What does sequestration mean for you and your practice? Most significantly, this means a 2% reduction in Medicare reimbursement for all services provided on or after April 1, 2013. This means that instead of Medicare payment at 80% of the allowed amount, they pay at 78% of the allowed amount. The patient is still responsible for 20%, and the provider of service has to adjust the 2%.

What Does This Look Like?

Prior to
Sequestration
After
Sequestration
Allowed Amount $161.61 $161.61
Medicare Payment $129.29 $126.70
Patient Payment $32.32 $32.32
Provider Paid $161.61 $159.02

 

The difference of $2.59 is not reimbursable by supplemental insurance, and the patient may not be billed for it. This is a “contractual obligation” and is shown on your Remittance Advices from Medicare with adjustment code “CO-223.”

What Does this Mean?

Declining revenue for Medicare providers will affect not only the provider, but their employees and patients as well. Reduction in Medicare fee schedule has become standard, however the additional 2% reduction on top of the usual reductions will become unsustainable for many providers.

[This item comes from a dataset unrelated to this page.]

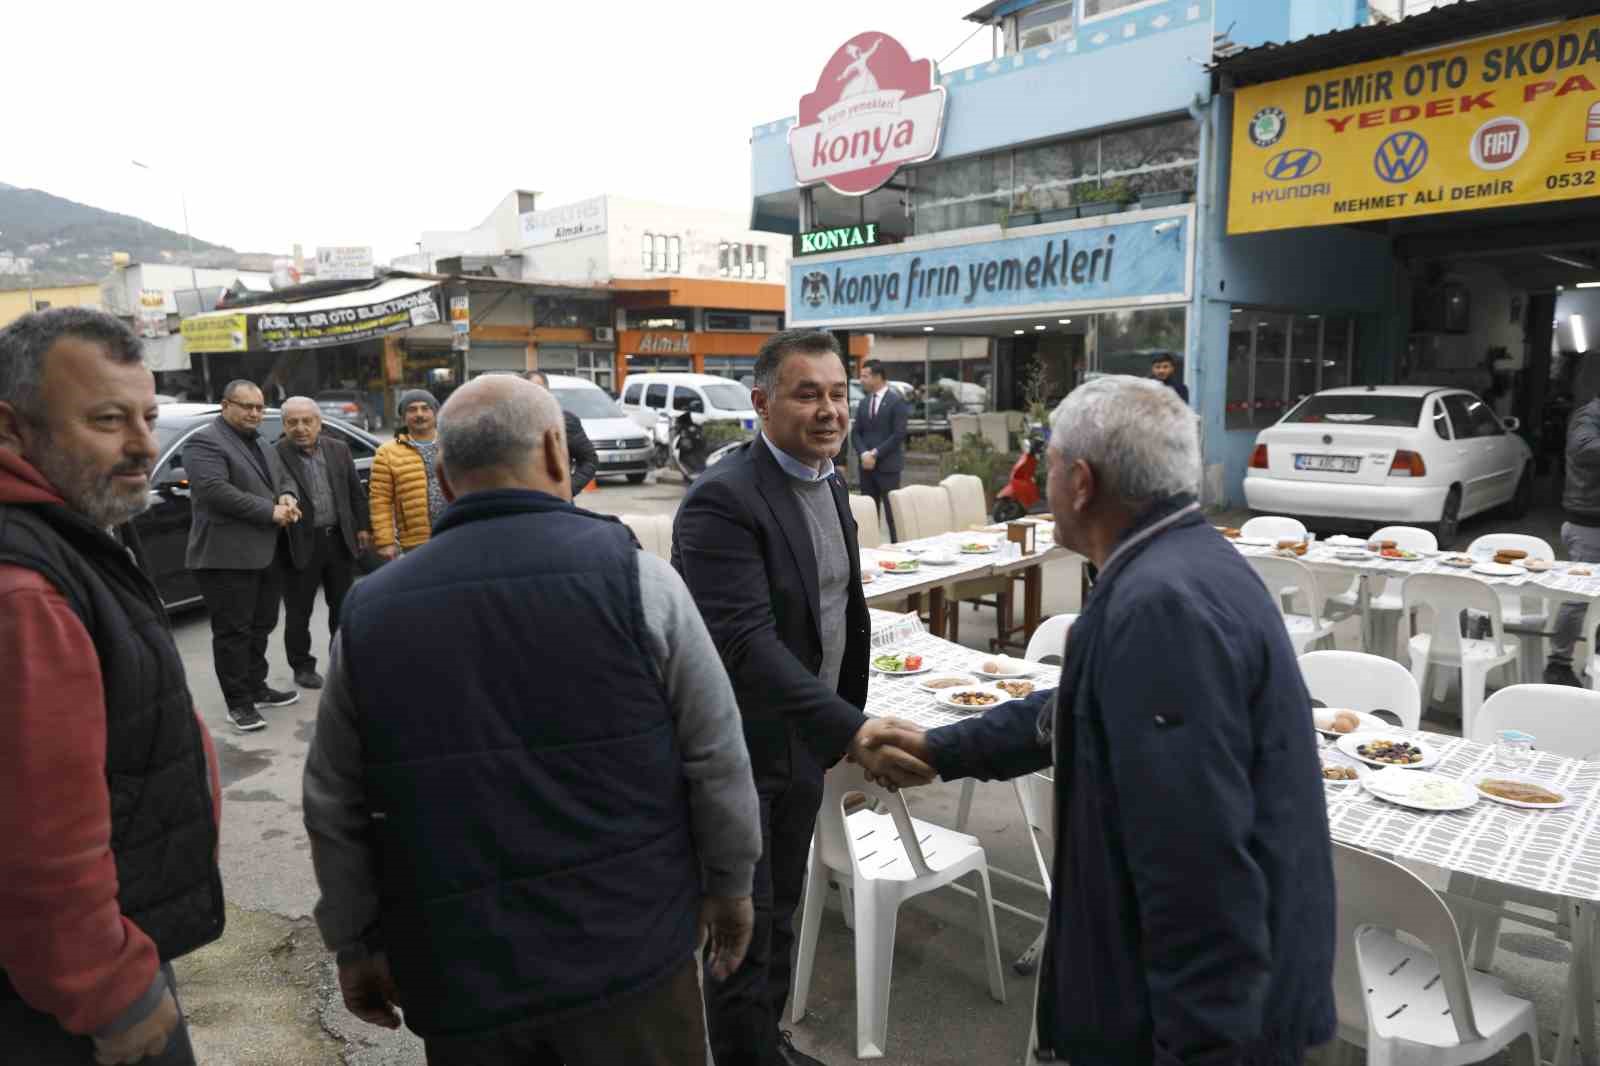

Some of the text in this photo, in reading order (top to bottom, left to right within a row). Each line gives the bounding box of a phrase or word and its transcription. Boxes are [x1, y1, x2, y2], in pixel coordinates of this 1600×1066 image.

The American Medical Association is projecting a loss of up to 766,000 jobs in the healthcare industry due to sequestration, (source: AMA: Sequestration Cuts Cause Real Pain for Medicare Patients, Physicians) and there is no near end in sight to the 2% fee schedule reduction.  Due to the further decline in fee schedule, it is more important than ever to ensure each claim is billed accurately for the highest reimbursement allowable, to keep on top of Accounts Receivable, and to keep communication open with patients on any out-of-pocket expenses.